Airborne transmission of SARS-CoV-2 calls for updated practices to prevent transmission
There is a growing body of evidence supporting airborne transmission of SARS-CoV-2, the virus that causes COVID-19. Despite updates from the World Health Organization, the U.S. Centers for Disease Control and Prevention (CDC) and the Public Health Agency of Canada that the virus can be transmitted by short- and long-range aerosols, Canada's public health guidance has not been adequately updated to address this mode of transmission, argue authors of a commentary published in CMAJ (Canadian Medical Association Journal).
Canadian public health guidance and practices should be updated to include more emphasis on the following airborne mitigation measures: Ventilation, filtration and better masks.

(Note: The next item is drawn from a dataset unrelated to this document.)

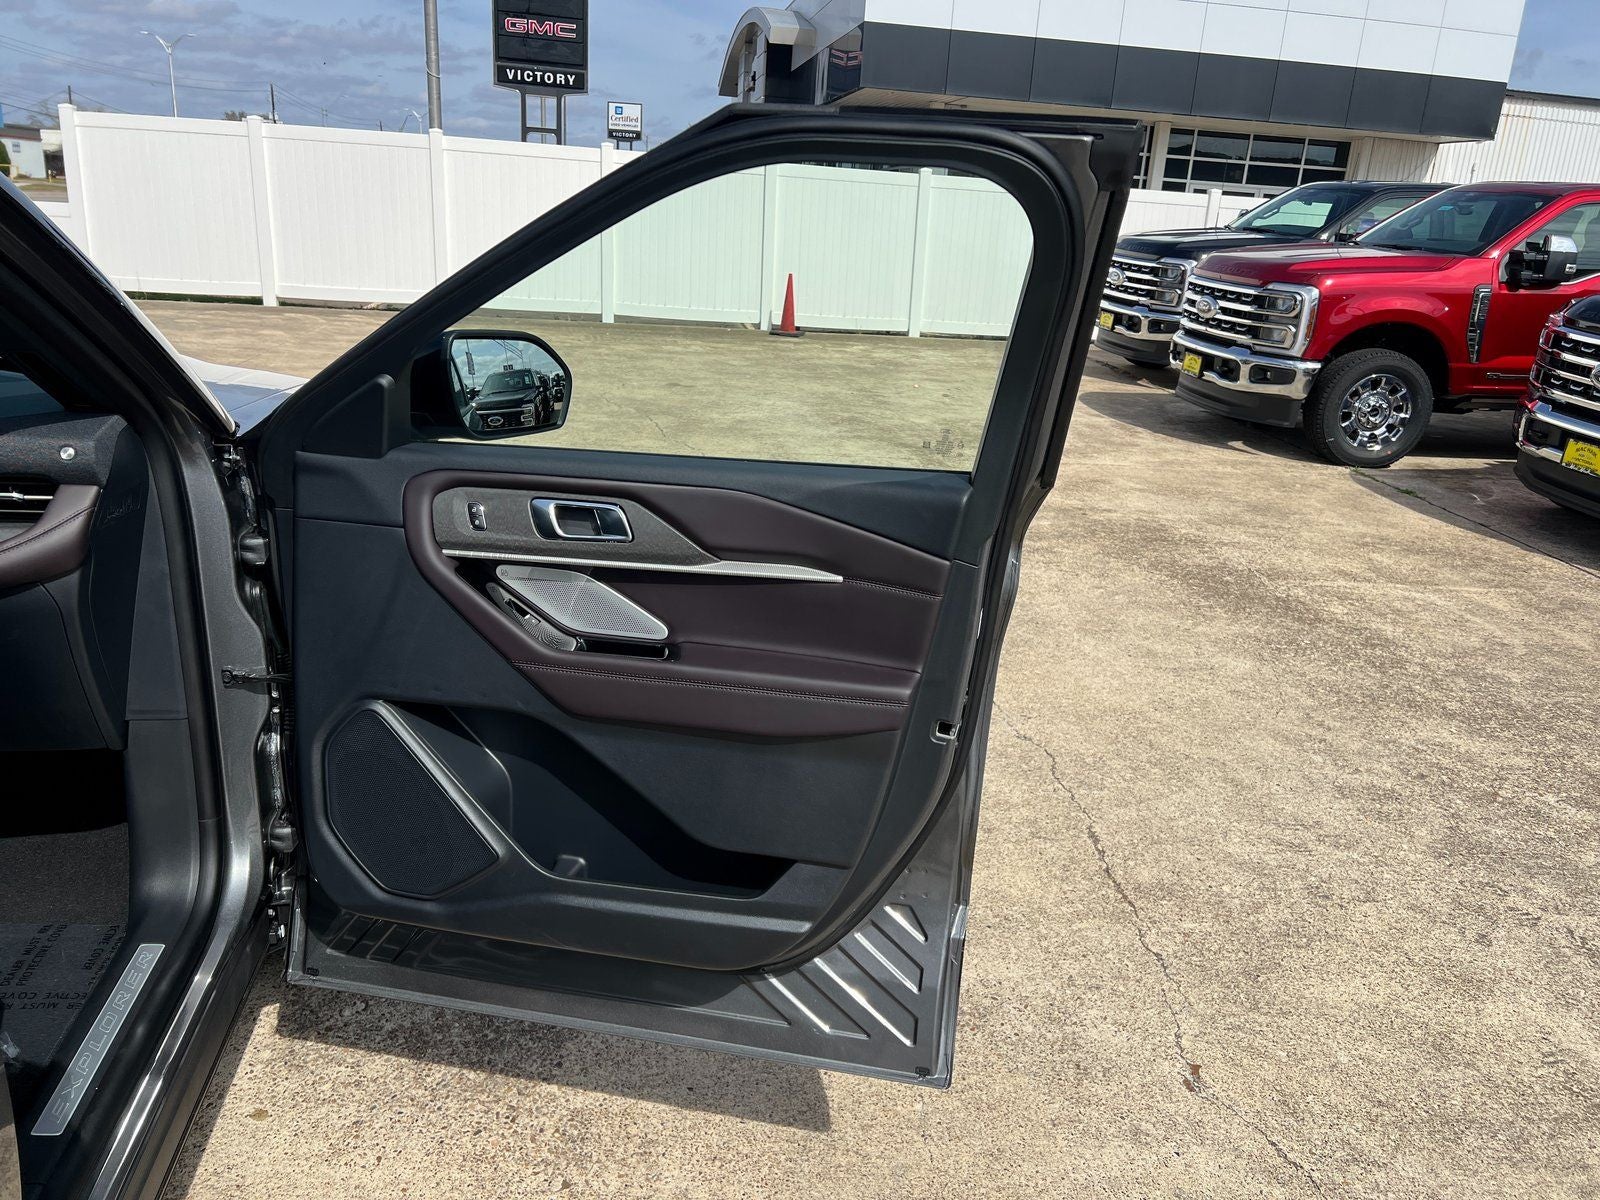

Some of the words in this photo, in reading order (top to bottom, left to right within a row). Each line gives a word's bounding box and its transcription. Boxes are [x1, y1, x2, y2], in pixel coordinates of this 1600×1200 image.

[504, 17, 577, 39] GMC
[506, 68, 576, 86] VICTORY
[610, 115, 639, 123] Certified
[52, 951, 154, 1124] EXPLORER

"Ventilation is a key element in the fight against airborne transmission. We need clear guidelines and funding for the assessment and improvement of ventilation in our indoor spaces, particularly our schools," says Dr. Sarah Addleman, emergency physician, The Ottawa Hospital, Ottawa, Ontario.Along with ventilation, it is time to revisit Canadian personal protective equipment (PPE) recommendations in health care and other essential settings.
"People who work in close proximity to others (in both health care and other settings) are at higher risk of infection from short-range aerosol inhalation, and better masks (such as N95s) are needed to prevent infection," says coauthor Dr. Victor Leung, infectious disease physician, University of British Columbia, Vancouver, British Columbia.
"It took decades for the medical community to accept that tuberculosis and measles were airborne diseases. The science on airborne transmission of SARS-CoV-2 has, in contrast, moved fast. It is time for Canadian guidance and policies to follow swiftly too," the authors conclude.